Over the following decades the academy grew substantially, adding Cathcart Memorial Hall in 1900 and additional dormitories and classroom buildings. By 1916 it enrolled more than 200 students with a dozen teachers, drawing boarding students from across the region during an era when public education for Black children in the South was scarce and underfunded. The state began converting the academy toward public-school status in the 1920s, and it gained state accreditation by the late 1930s.
When Gaston County finally opened new public schools for African American students in 1955, Lincoln Academy closed. Its program was effectively succeeded by Lincoln High School in Bessemer City. In the years since, the academy's buildings were demolished, leaving an overgrown former campus, a cemetery, and a North Carolina historical marker commemorating the school's role in African American education.

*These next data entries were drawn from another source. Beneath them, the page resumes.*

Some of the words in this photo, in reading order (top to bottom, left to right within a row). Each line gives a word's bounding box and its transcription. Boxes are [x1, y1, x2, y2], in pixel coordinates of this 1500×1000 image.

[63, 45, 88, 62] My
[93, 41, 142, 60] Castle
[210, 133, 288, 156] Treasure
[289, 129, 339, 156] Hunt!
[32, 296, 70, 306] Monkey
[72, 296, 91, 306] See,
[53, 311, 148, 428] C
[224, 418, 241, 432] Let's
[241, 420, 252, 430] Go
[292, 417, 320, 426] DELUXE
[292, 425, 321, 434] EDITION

The site entered a darker chapter on April 21, 1974, when the body of 16-year-old Kathleen Ruth Smiley, a high-school senior from the Atlanta area, was found there. That crime, detailed below, is the source of the location's modern reputation.
Sources
- https://en.wikipedia.org/wiki/Lincoln_Academy_(Kings_Mountain,_North_Carolina)
- https://gastonlibrary.libguides.com/lincoln-academy
- https://www.hmdb.org/m.asp?m=108710
- https://digital.lib.ecu.edu/ncpi/view/36042
Green or purple mist along the roadSense of dread near the cemeteryApparition of a young woman
Unlike most rural North Carolina ghost stories, the Lincoln Academy legend is anchored to a documented and solved crime. On April 21, 1974, Kathleen Ruth Smiley, a 16-year-old senior at Lakeside High School in the Atlanta area, was abducted near Interstate 85 while driving her car. Two men, later identified as Pinkney Thomas Mitchell and Wallace Charles Lanford, took her to the abandoned Lincoln Academy grounds near Crowders Mountain, where she was beaten, raped, and killed. Both men were arrested, convicted, and died in prison. These facts are documented in period newspaper coverage, a North Carolina Folklore Journal study of the legend's evolution, and a long-running tribute maintained in Smiley's memory.

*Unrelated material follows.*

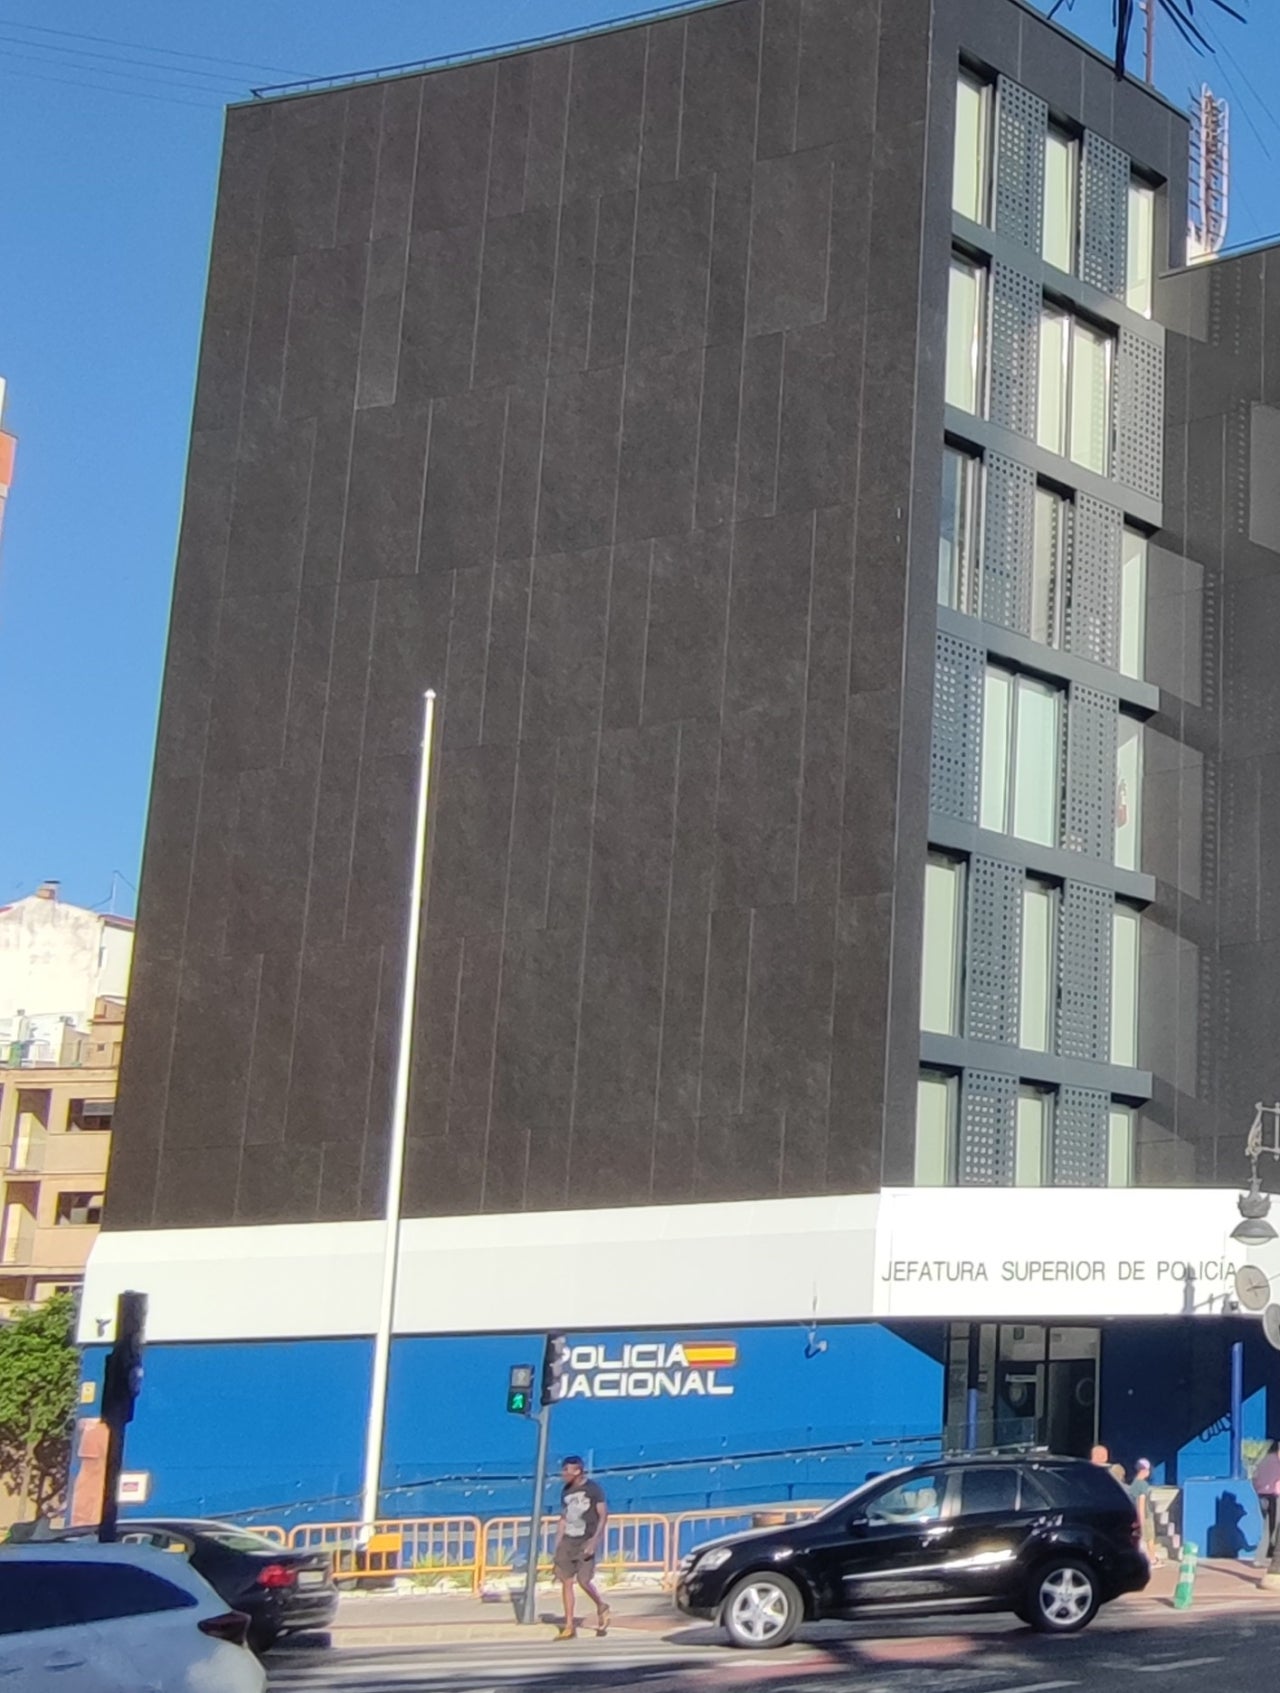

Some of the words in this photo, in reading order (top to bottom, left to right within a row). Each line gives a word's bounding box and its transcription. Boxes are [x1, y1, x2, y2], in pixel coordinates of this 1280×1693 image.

[881, 1260, 988, 1282] JEFATURA
[1001, 1260, 1106, 1282] SUPERIOR
[1118, 1260, 1145, 1281] DE
[1157, 1256, 1237, 1282] POLICÍA

In the decades since, the abandoned site and its cemetery have drawn ghost-story tellers and paranormal investigators. Common reports describe a green or purple mist drifting along the road, a heavy feeling of dread near the old cemetery a few hundred yards from where the school stood, and the apparition of a young woman associated with Smiley.

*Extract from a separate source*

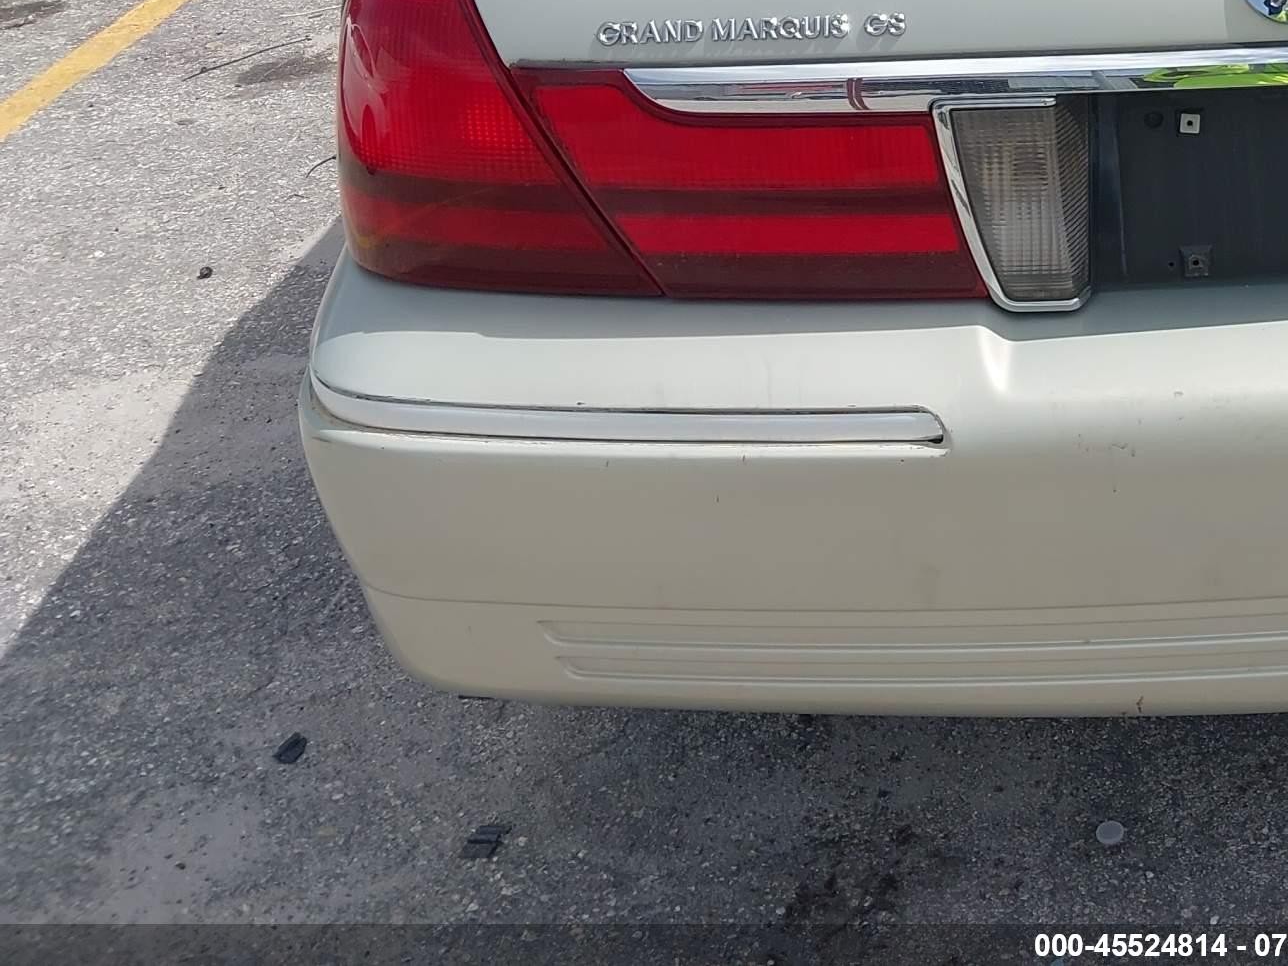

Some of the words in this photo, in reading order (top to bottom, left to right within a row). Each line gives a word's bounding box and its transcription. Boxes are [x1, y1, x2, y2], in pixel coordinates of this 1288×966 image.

[597, 18, 703, 46] GRAND
[710, 12, 850, 42] MARQUIS
[864, 10, 907, 36] GS

HauntBound notes that the anonymous folklore submission that circulates for this site garbles the history badly, casting the academy as an 'all-girls school' and inventing a gang attack and mutilation that did not happen. We do not repeat those fabrications. The real crime was the abduction and murder of one young woman by two men, and it deserves to be told accurately and without sensationalism. We present this entry as a true-crime and remembrance site, asking visitors to treat the location and Kathleen Smiley's memory with respect rather than as entertainment.